▶ _Images for object localization_:
# # # # #

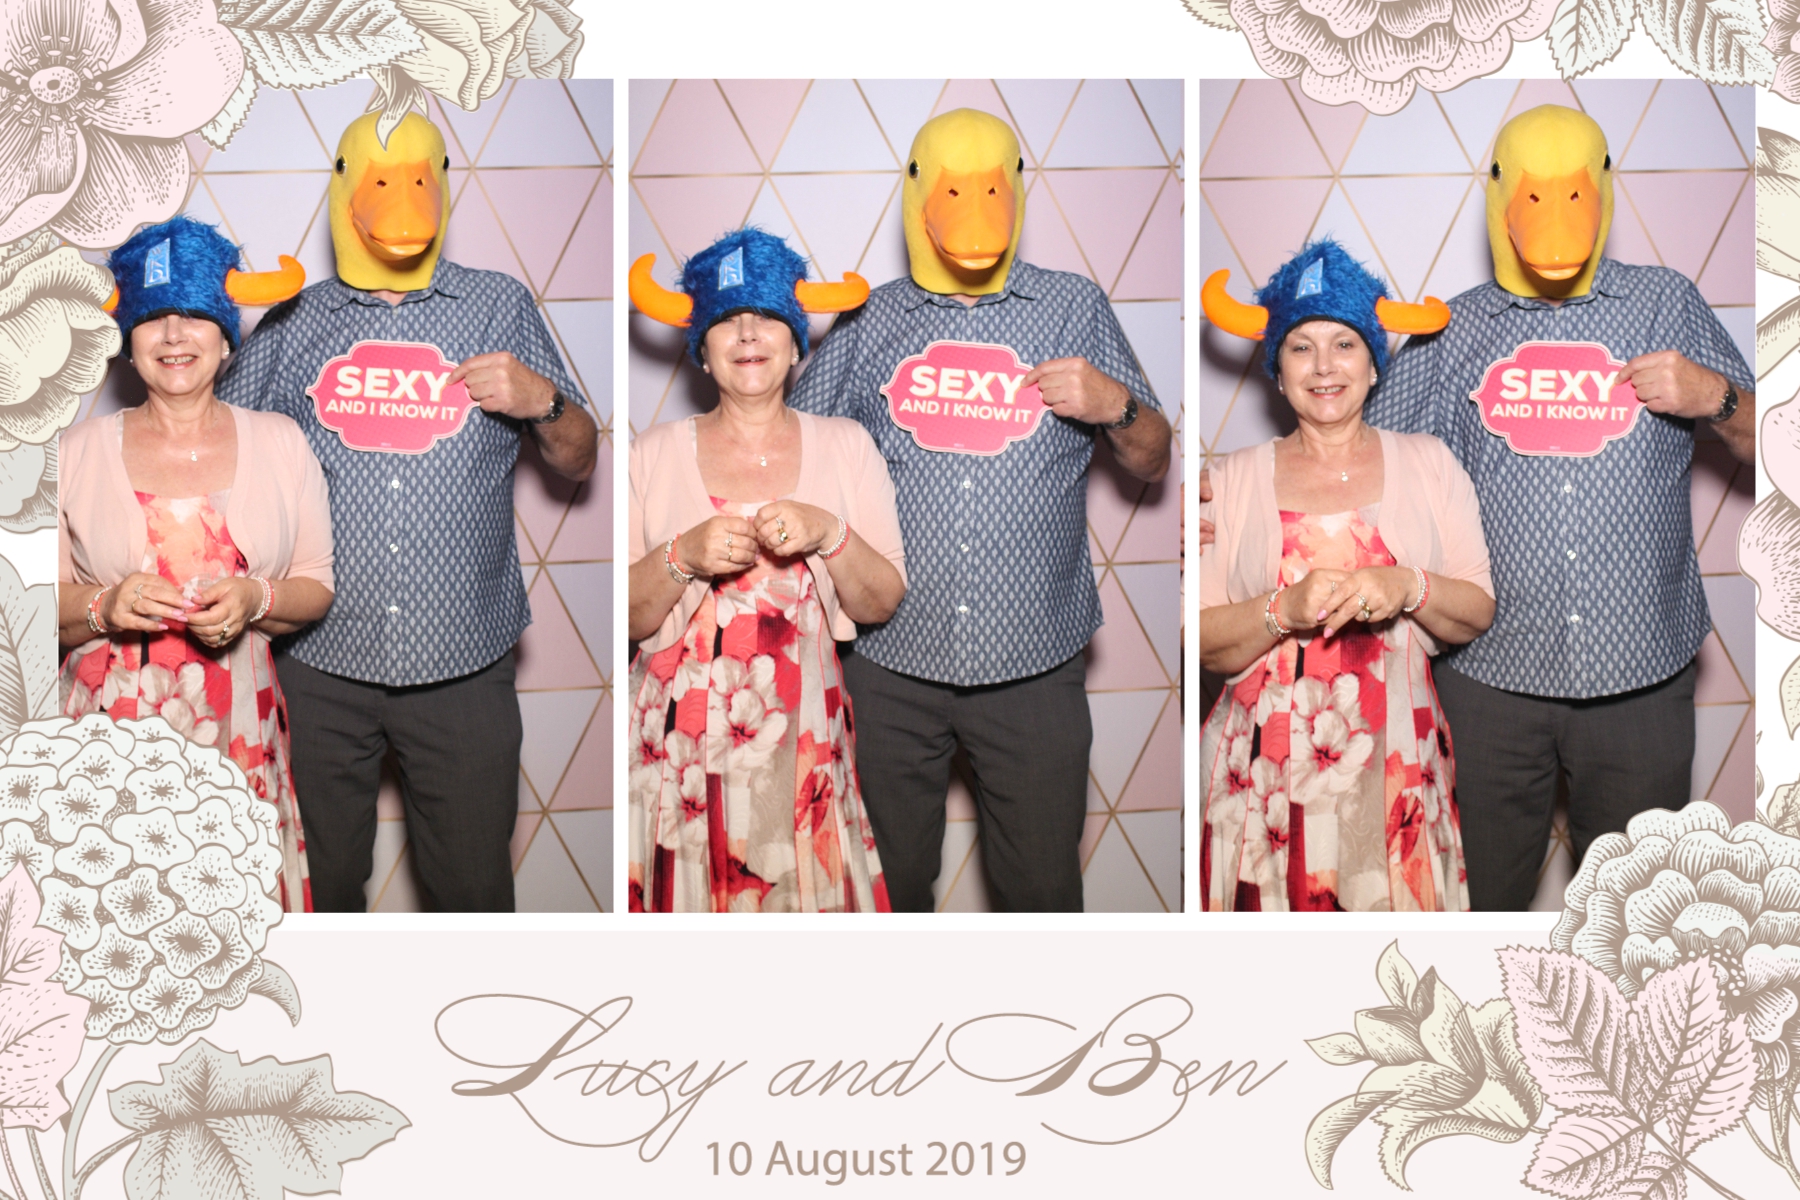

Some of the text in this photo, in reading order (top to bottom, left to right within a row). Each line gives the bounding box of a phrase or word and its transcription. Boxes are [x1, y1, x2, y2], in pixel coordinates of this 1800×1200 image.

[334, 365, 452, 403] SEXY
[909, 365, 1026, 405] SEXY
[1499, 368, 1619, 403] SEXY
[325, 399, 459, 421] AND I KNOW IT
[898, 398, 1032, 424] AND I KNOW IT
[1490, 403, 1628, 421] AND I KNOW IT

# # # # #

All of the lines above should be retyped precisely, apart from the pictures.

Some of the text in this photo, in reading order (top to bottom, left to right within a row). Each line gives the bounding box of a phrase or word and its transcription. Boxes are [x1, y1, x2, y2], in pixel coordinates of this 1800×1200 image.

[334, 365, 452, 403] SEXY
[909, 365, 1026, 405] SEXY
[1499, 368, 1619, 403] SEXY
[325, 399, 459, 421] AND I KNOW IT
[898, 398, 1032, 424] AND I KNOW IT
[1490, 403, 1628, 421] AND I KNOW IT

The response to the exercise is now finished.